= Zadok Magruder =

American politician (1729 – 1811)

Zadok Magruder (1729–1811) was an American politician and military officer who served as an elected official in the government of Maryland and as a colonel in the state militia. He also helped establish Montgomery County.

==Family and pre-war life==
Magruder's great-grandfather, Alexander Magruder, had come to Prince George's County, Maryland in 1652 after having been deported from Perthshire, Scotland where he was an indentured servant pursuing the Scottish Rebellion. He was the son of John and Susanna Magruder, and the grandson of Samuel and Sarah Magruder. Most of the Magruders in America were farmers, merchants and mechanics.

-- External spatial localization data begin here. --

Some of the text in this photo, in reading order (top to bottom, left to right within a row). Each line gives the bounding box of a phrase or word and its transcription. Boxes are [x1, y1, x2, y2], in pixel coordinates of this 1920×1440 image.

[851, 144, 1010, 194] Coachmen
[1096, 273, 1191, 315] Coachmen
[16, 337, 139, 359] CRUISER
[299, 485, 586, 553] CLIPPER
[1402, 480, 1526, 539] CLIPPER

He was born in 1729 in Prince George's County, Maryland. As a young man, he moved to Montgomery County, Maryland where he inherited 600 acres near what became Norbeck Road in 1745. He built a house called "The Ridge" in 1750 in Redland, a community which had a population of about fifty at the time. In 1754, he married Rachel Pottinger Bowie.

==The American Revolution==
Magruder and his brother Nathan were members of the General Committee to Annapolis in 1774 (as local representatives). The General Committee to Annapolis functioned as the state or colony level of government for Maryland. Both Magruders became members of a committee charged with carrying out the decision of the American Continental Congress on the topic of the British Tea Act. Magruder became a member of the Maryland Committee of Correspondence. When in command of the "Home Defense Battalion of Lower Frederick County", which was part of the Maryland militia, he attained the rank of colonel.

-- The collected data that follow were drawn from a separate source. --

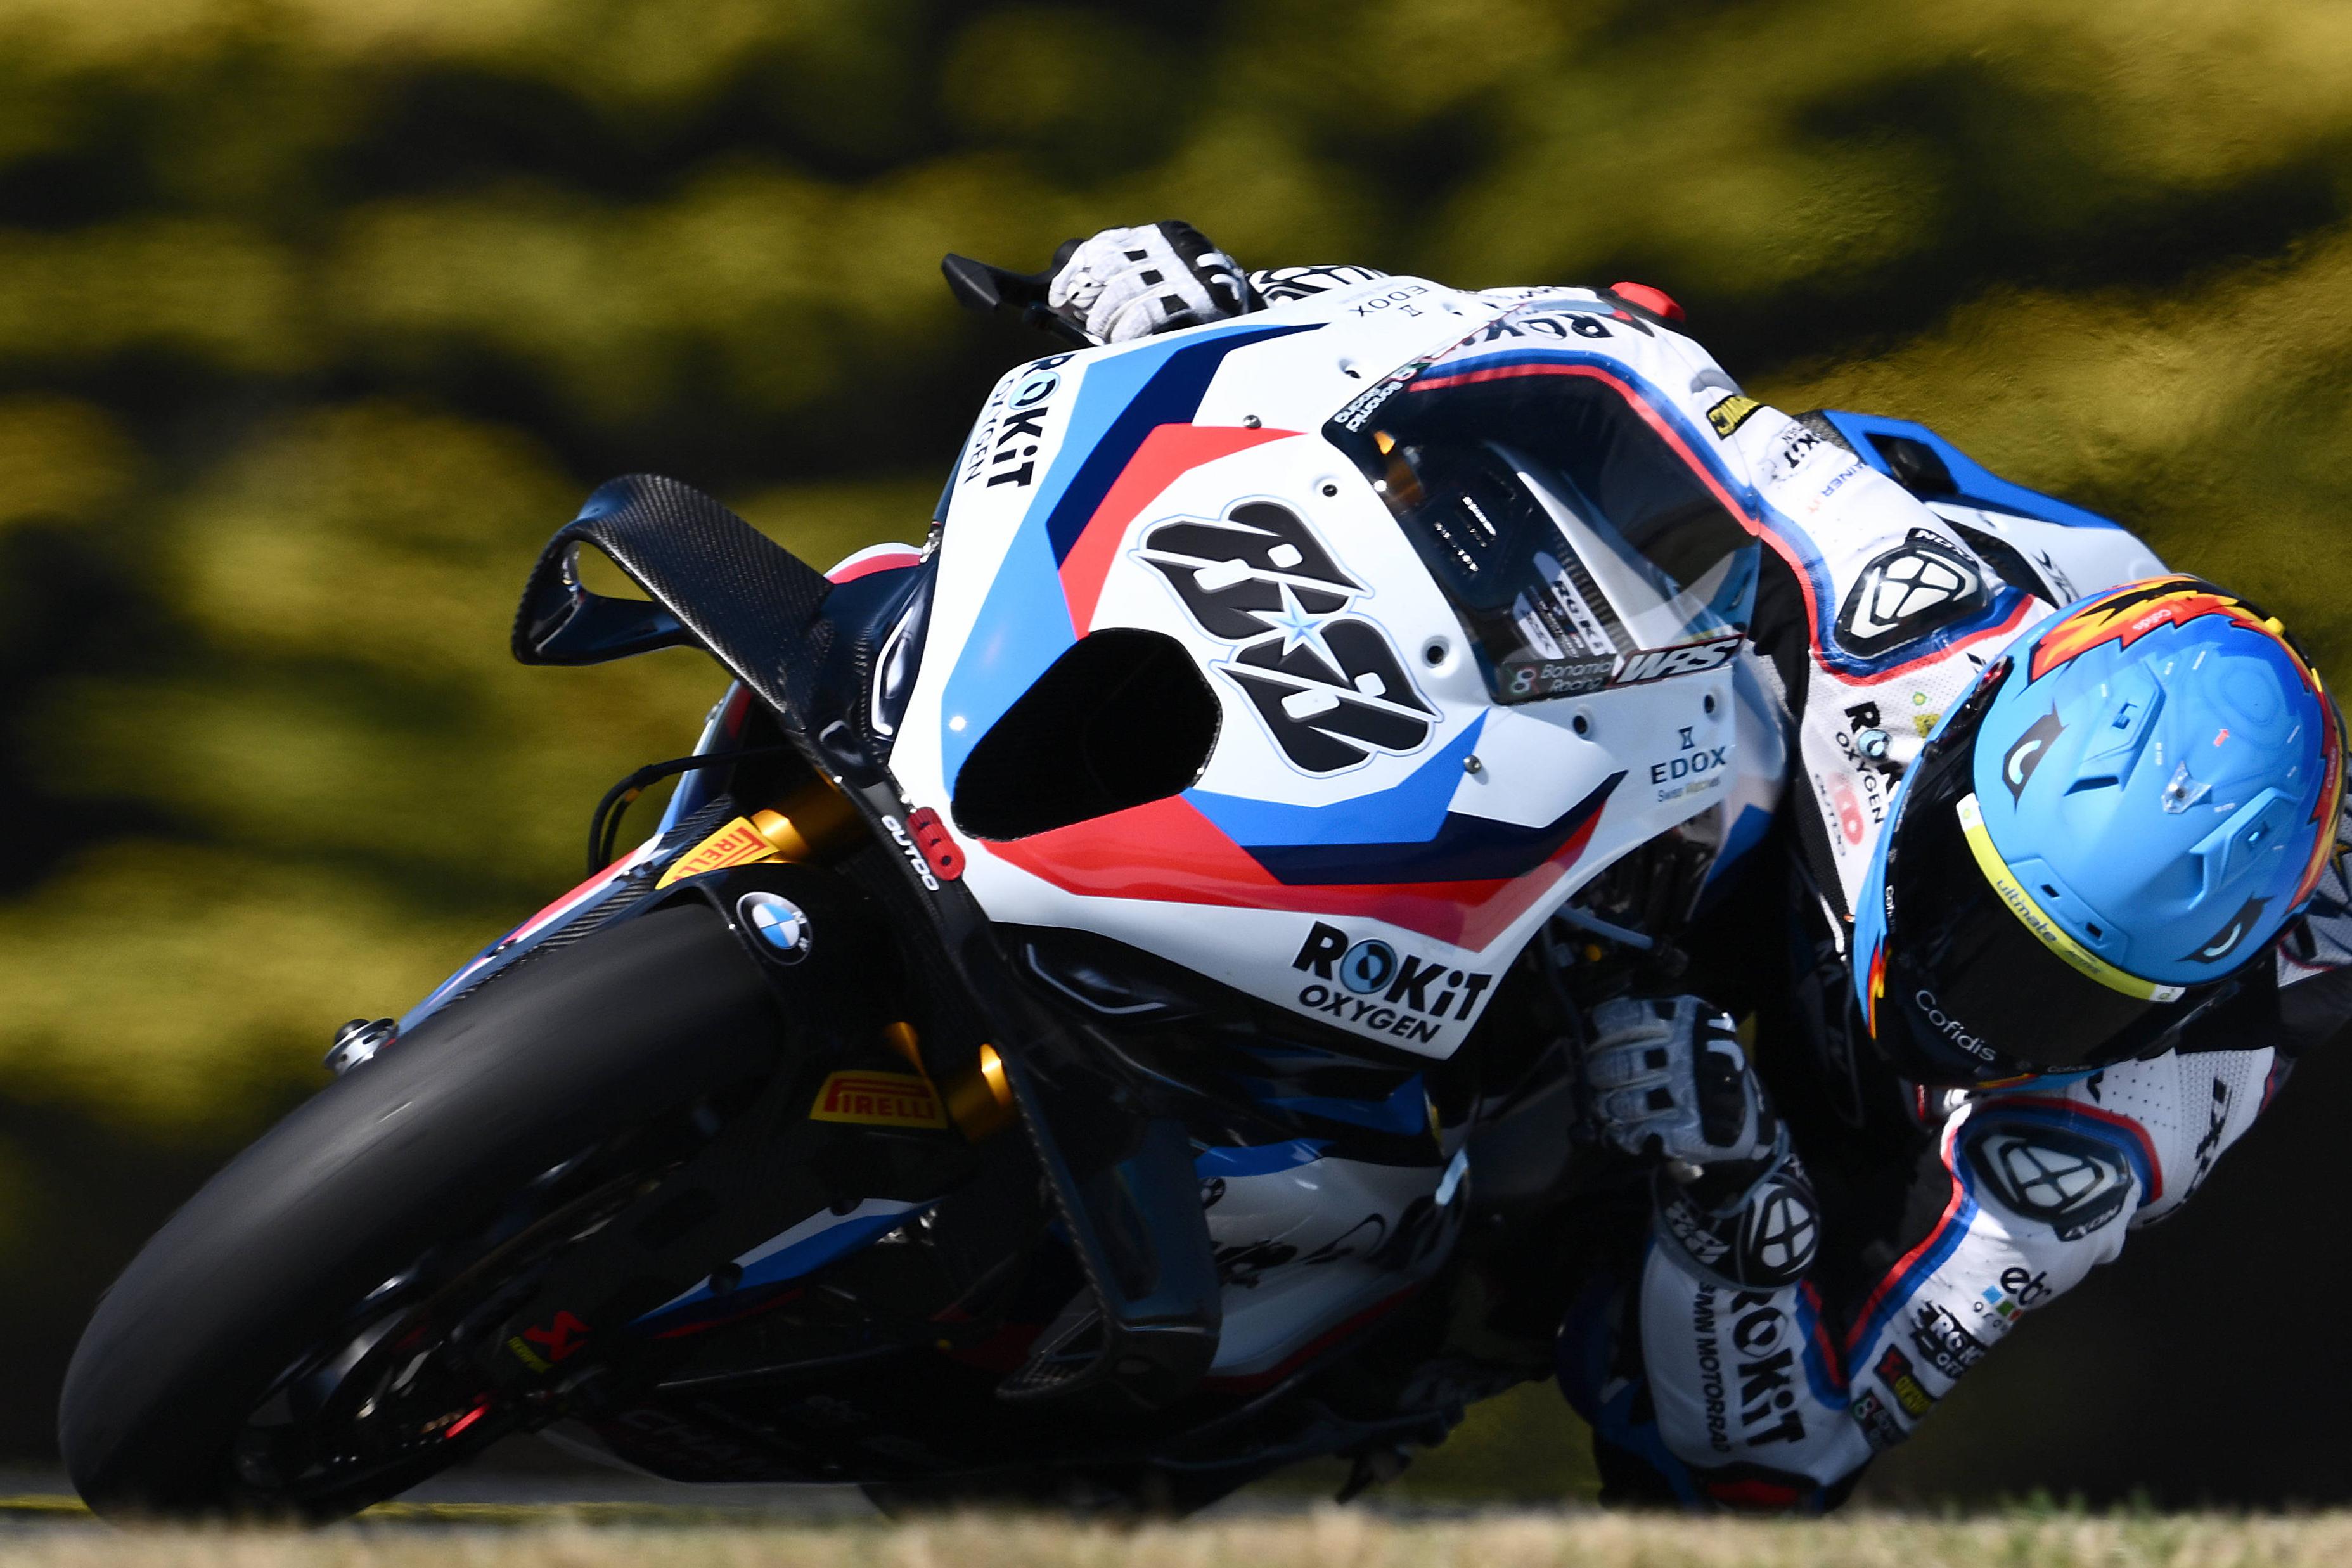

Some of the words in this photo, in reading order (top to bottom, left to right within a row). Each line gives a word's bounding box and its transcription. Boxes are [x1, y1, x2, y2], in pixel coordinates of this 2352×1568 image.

[1349, 285, 1429, 316] EDOX
[2131, 608, 2172, 631] Cofidis
[1616, 639, 1742, 684] WRS
[1650, 746, 1726, 785] EDOX
[1835, 731, 1884, 824] OXYGEN
[881, 815, 939, 891] OUTDO
[1997, 880, 2057, 942] ultimate
[1292, 920, 1493, 1021] ROKiT
[1298, 984, 1442, 1044] OXYGEN
[1915, 989, 1997, 1062] Cofidis
[823, 1078, 935, 1120] PIRELLI
[1697, 1337, 1731, 1453] MOTORRAD

==Montgomery County establishment==
The Magruder brothers were appointed as commissioners to organize and establish the government of Montgomery County, Maryland when it became a separate county from Frederick County in 1776.

==Post-war life and death==
He and his wife had eleven children: eight girls and three boys. They lived in an area known as Mount Pleasant, where they built a house, also named "Mount Pleasant", in about 1807. The 1790 United States census showed him owning 26 enslaved African Americans. One son, Zadok, later became a doctor. After he died in 1811, the Mount Pleasant house was inherited by his son Robert Pottinger Magruder.

==Legacy==
A high school named after Colonel Zadok Magruder was built in Derwood (Montgomery County), Maryland, near the site of "The Ridge" house.